How it works
Just as many conventional thermal power stations generate electricity by harnessing the thermal energy released from burning fossil fuels, nuclear power plants convert the energy released from the nucleus of an atom, typically via nuclear fission.
When a relatively large fissile atomic nucleus absorbs a neutron, a fission of the atom results. Fission splits the atom into two or more smaller nuclei with kinetic energy (known as fission products) and also releases gamma radiation and free neutrons. A portion of these neutrons may later be absorbed by other fissile atoms and create more fissions, which release more neutrons, and so on creating a chain reaction.
This nuclear chain reaction can be controlled by using neutron poisons and neutron moderators to change the portion of neutrons that will go on to cause more fissions. Nuclear reactors generally have automatic and manual systems to to shut the fission reaction down if unsafe conditions are detected.
A cooling system removes heat from the reactor core and transports it to another area of the plant, where the thermal energy can be harnessed to produce electricity or to do other useful work. Typically the hot coolant will be used as a heat source for a boiler, and the pressurized steam from that boiler will power one or more steam turbine driven electrical generators.
Uranium as a fuel source
Uranium is a fairly common element in the Earth's crust. The world's present measured resources of uranium, economically are enough to last for "at least a century" at current consumption rates.
Uranium’s contribution to the overall cost of the electricity produced is relatively small, so even a large price escalation will have relatively little effect on final price. For instance, typically a doubling of the uranium market price would increase the fuel cost for a light water reactor by 26% and the electricity cost about 7%, whereas doubling the price of natural gas would typically add 70% to the price of electricity from that source.
The safe storage and disposal of nuclear waste is a significant challenge. The most important waste stream from nuclear power plants is spent fuel. A large nuclear reactor produces 3 cubic metres (25–30 tonnes) of spent fuel each year. Nuclear waste can be generally classified as either "low level" radioactive waste or "high level" radioactive waste. Low level nuclear waste usually includes material used to handle the highly radioactive parts of nuclear reactors. The level of radioactivity and the half life of the radioactive isotopes in low level waste is relatively small. Storing the waste for a period of 10 to 50 years will allow most of the radioactive isotopes in low level waste to decay, at which point the waste can be disposed of as normal refuse.

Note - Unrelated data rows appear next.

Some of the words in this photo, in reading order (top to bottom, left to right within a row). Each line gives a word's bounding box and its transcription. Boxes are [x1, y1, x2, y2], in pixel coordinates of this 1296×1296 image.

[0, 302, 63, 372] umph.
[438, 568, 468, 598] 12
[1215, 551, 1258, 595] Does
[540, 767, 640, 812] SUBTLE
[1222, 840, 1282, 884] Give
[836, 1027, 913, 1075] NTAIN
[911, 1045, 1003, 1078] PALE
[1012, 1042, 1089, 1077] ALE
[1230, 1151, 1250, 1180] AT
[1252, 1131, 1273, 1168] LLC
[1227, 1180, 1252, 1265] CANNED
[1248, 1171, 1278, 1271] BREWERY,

High level radioactive waste is generally material from the core of the nuclear reactor or nuclear weapon. Most of the radioactive isotopes in high level waste emit large amounts of radiation and have extremely long half-lives (some longer than 100,000 years) creating long time periods before the waste will settle to safe levels of radioactivity. There are a few ways to deal with this waste, but all of them have significant costs or other limitations.